- O governo dos Estados Unidos reclassificou a maconha como substância menos perigosa, passando da Lista 1 para a Lista 3.
- A medida não legaliza o uso federal, mas facilita pesquisas científicas e permite que produtores e distribuidores se registrem no DEA.
- Produtos aprovados pela FDA e itens de maconha regulamentados por licença estadual de maconha medicinal passam a ficar na Lista 3, ao lado de cetamina e testosterona.
- Em dezembro de 2025, o presidente assinou decreto para que a DEA agilizasse a reclassificação, cumprindo promessa de campanha.
- Há audiência marcada para 29 de junho para avaliar uma reclassificação mais ampla da maconha, buscando um caminho legal para mudanças federais futuras.
O governo dos Estados Unidos anunciou, na quinta-feira, 23 de abril de 2026, a reclassificação da maconha como substância menos perigosa. A medida, tomada pelo Departamento de Justiça, não legaliza o uso federal, mas facilita pesquisas científicas sobre a droga.

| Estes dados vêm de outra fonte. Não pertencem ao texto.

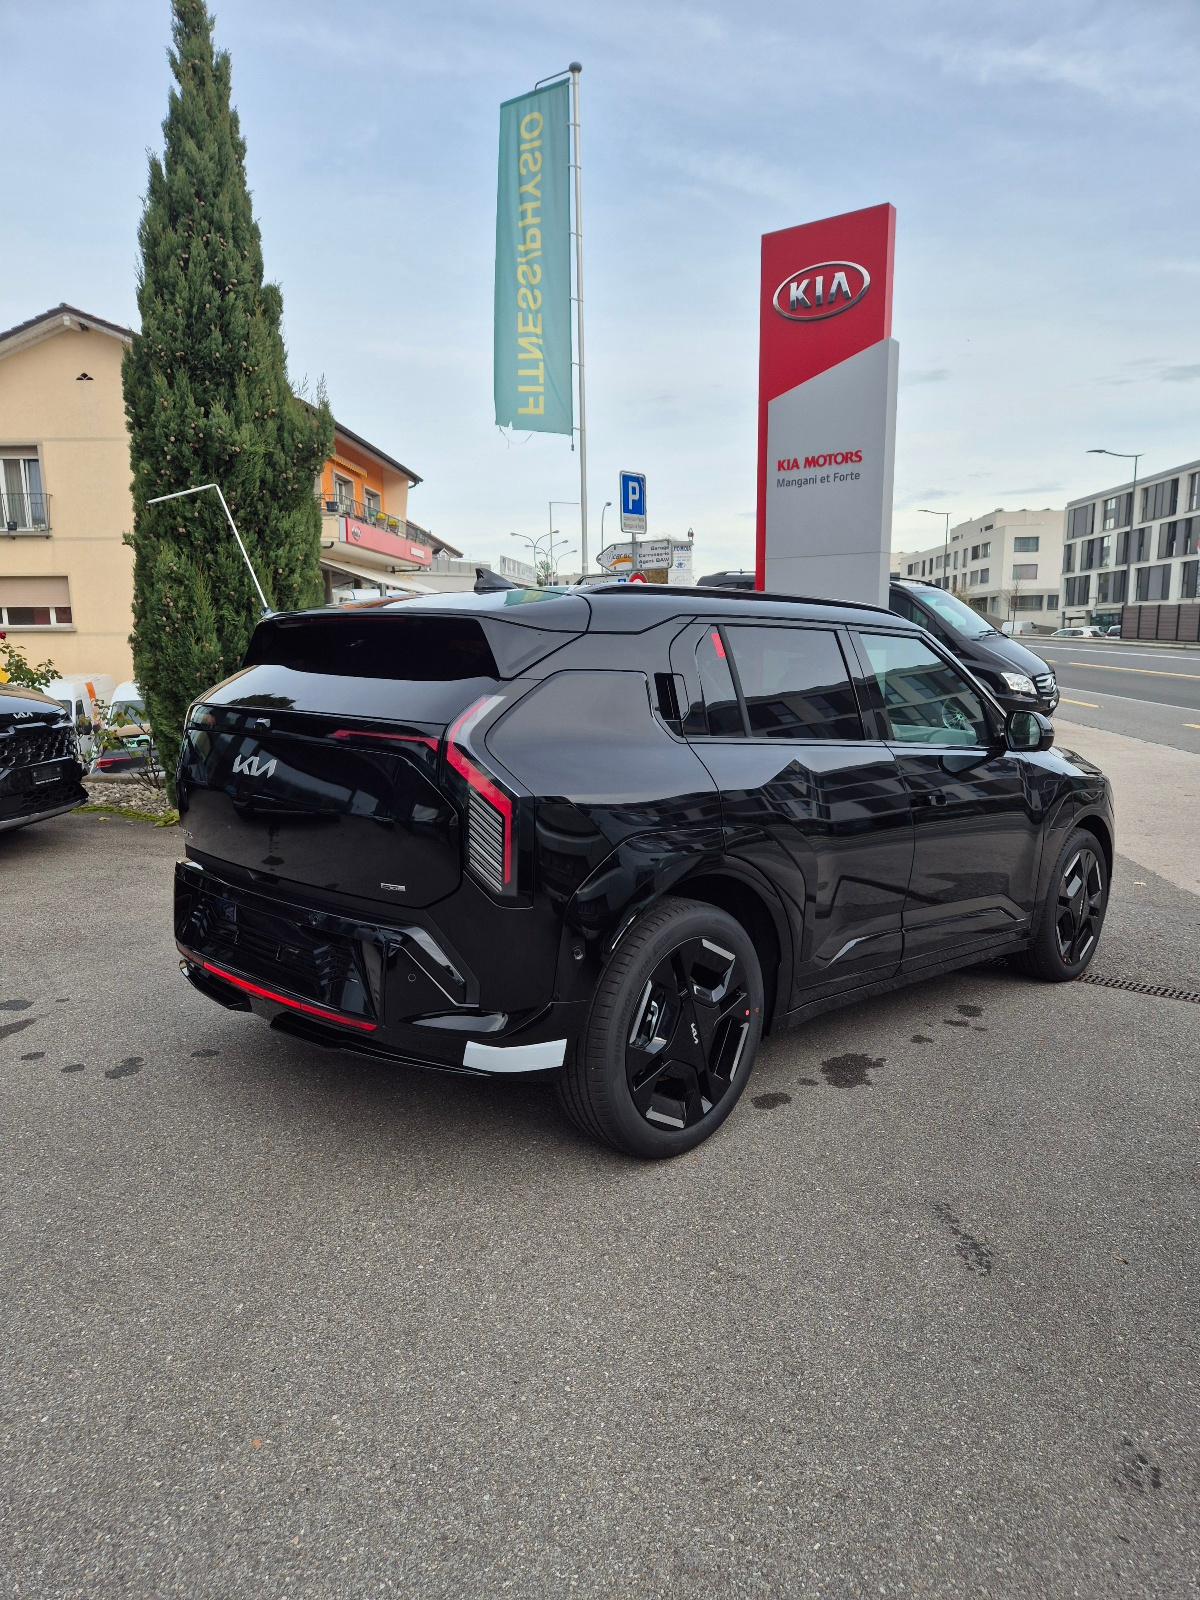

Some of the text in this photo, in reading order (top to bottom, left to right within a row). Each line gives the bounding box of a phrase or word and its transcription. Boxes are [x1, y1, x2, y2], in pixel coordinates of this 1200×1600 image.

[789, 271, 852, 310] KIA
[777, 450, 863, 471] KIA MOTORS
[776, 471, 861, 488] Mangani et Forte
[628, 480, 640, 510] P
[232, 754, 277, 778] KIA

A mudança transfere itens contendo maconha da Lista 1 para a Lista 3, equivalentes a cetamina e testosterona. Sistemas estaduais de licenças continuam válidos para uso médico e pesquisa, sem reconhecer uso recreativo federal.
O que muda com a reclassificação
Ação permite que pesquisadores usem cannabis aprovada pelo Estado onde atuam, sem o risco de punição, e possibilita o registro de produtores e distribuidores no DEA. A medida busca reduzir entraves burocráticos à pesquisa.

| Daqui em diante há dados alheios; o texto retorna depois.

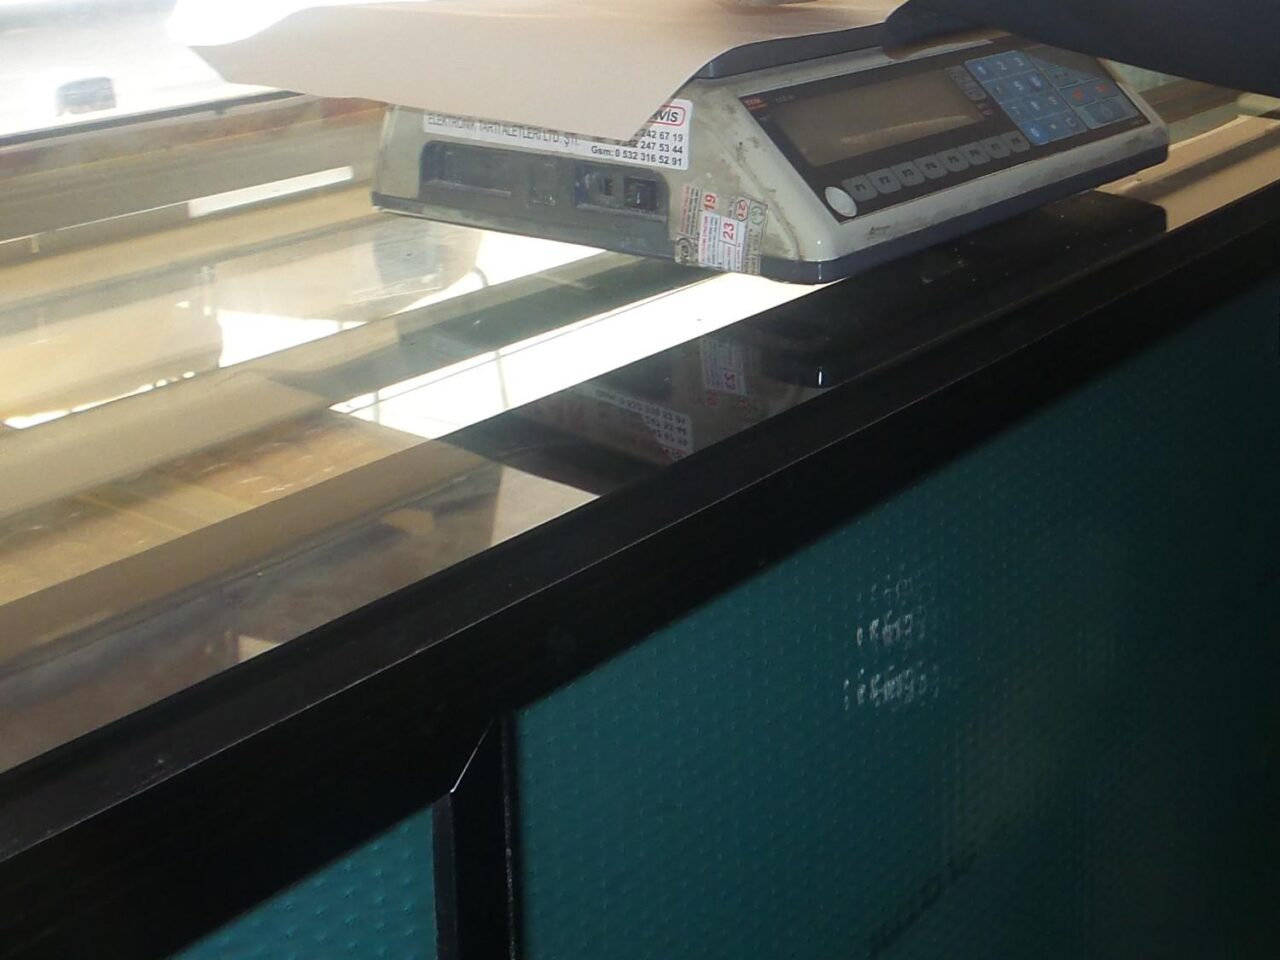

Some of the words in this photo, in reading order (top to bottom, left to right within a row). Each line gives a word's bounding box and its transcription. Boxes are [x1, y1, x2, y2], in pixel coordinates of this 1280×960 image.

[659, 131, 670, 140] 67
[672, 133, 684, 143] 19
[640, 140, 657, 151] 247
[659, 143, 670, 153] 53
[672, 145, 683, 154] 44
[622, 150, 638, 160] 532
[640, 152, 656, 163] 316
[659, 155, 670, 165] 52
[672, 157, 683, 167] 91
[703, 193, 716, 211] 19
[722, 221, 735, 241] 23

O DOJ afirma que a reclassificação fortalece a pesquisa médica, mantendo controles federais rigorosos para evitar tráfico. A expectativa é oferecer clareza a pesquisadores, pacientes e profissionais de saúde.
O governo já havia sinalizado, em dezembro de 2025, com um decreto do presidente para agilizar o processo de reclassificação. A audiência sobre uma reclassificação mais ampla está marcada para 29 de junho.
Segundo o DOJ, a mudança facilita estudos sobre segurança e eficácia da maconha, contribuindo para decisões médicas informadas. O órgão também destacou que o objetivo é manter padrões de controle federais contra uso ilícito.